Otto tartarughe su 10 hanno mangiato plastica
Non solo. Il Mediterraneo occidentale è ancora, per certi versi, un percorso ad ostacoli, tra diportismo selvaggio e inquinamento, di qui progetti come il Life TURTLENEST, realizzato con il contributo del programma LIFE della Commissione Europea e promosso lungo le coste dell’Italia, della Francia e della Spagna. “Otto tartarughe su dieci, tra quelle che ricoveriamo a Portici, hanno ingerito plastica o rifiuti, cordame o attrezzi da pesca”, sottolinea Sandra. “Interveniamo chirurgicamente – aggiunge – e le seguiamo nel periodo della convalescenza, prima di liberarle in mare, spesso davanti agli studenti. Su loro, sul loro entusiasmo, puntiamo molto: i bambini, oggi, riflettono sulle ricadute delle proprie azioni sull’ambiente, molto più della generazione che li ha preceduti”. Piccola era del resto anche lei, quando ebbe – nel cuore terragno della sua Germania – l’illuminazione: “Adoravo i documentari sugli animali. Seguivo gli interventi di Greenpeace, chiedendomi come fosse possibile che l’uomo commetta crimini atroci contro foche e balene. E mi dicevo: farò qualcosa per l’ambiente, dedicherò la mia vita agli animali in pericolo”. Lo ha fatto, lo sta facendo.

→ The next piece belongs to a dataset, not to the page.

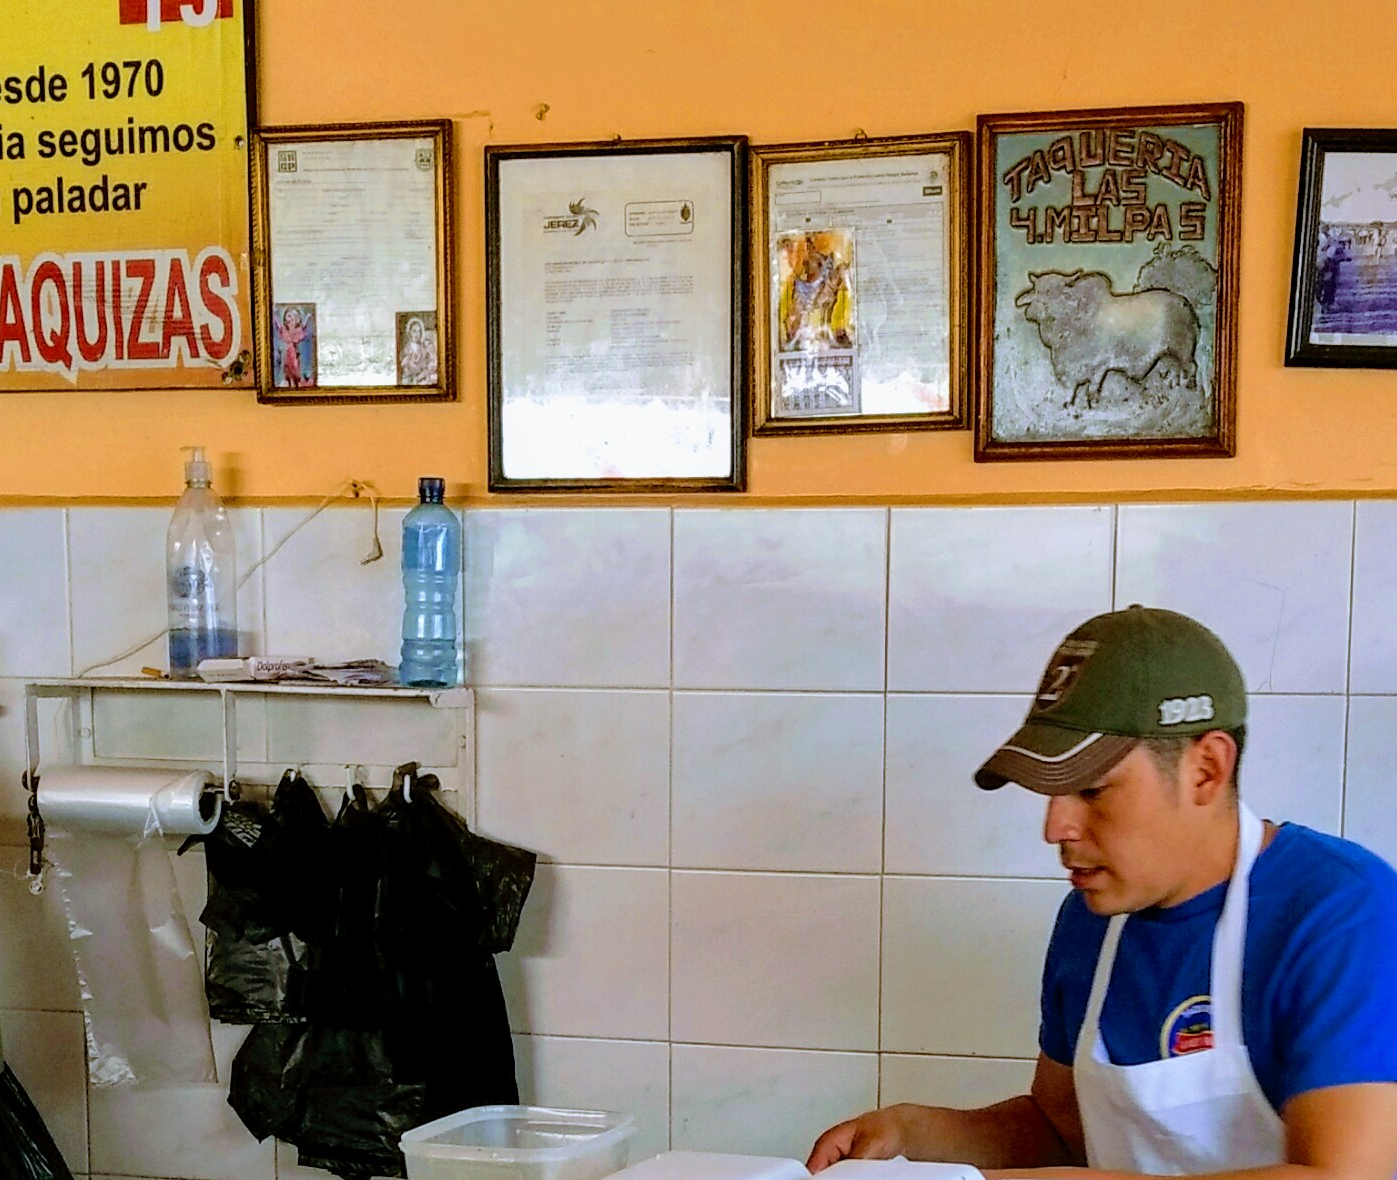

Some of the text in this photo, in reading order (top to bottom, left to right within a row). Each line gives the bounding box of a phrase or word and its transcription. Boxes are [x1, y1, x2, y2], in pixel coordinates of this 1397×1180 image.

E alle nuove generazioni Sandra e il suo team si appelleranno – dal 5 all’8 agosto – per reclutare volontari: “Cerchiamo giovani entusiasti ed amanti della natura per pattugliare la mattina all’alba le coste della Campania alla ricerca delle tracce di risalita della tartaruga marina. Avremo cinque campi base, dove i volontari saranno ospitati in tenda o alloggio: Capaccio, Ascea, Palinuro, Marina di Camerota e Castelvolturno. Da agosto prenderanno il via i presidi h24 di assistenza alla schiusa. Ecco, ogni volta che una tartarughina spunta da sotto la sabbia, al buio, dopo un percorso verticale di trenta centimetri, orientandosi con la luce della luna, ho la percezione esatta del senso del mio, del nostro lavoro. E non ho bisogno d’altro”.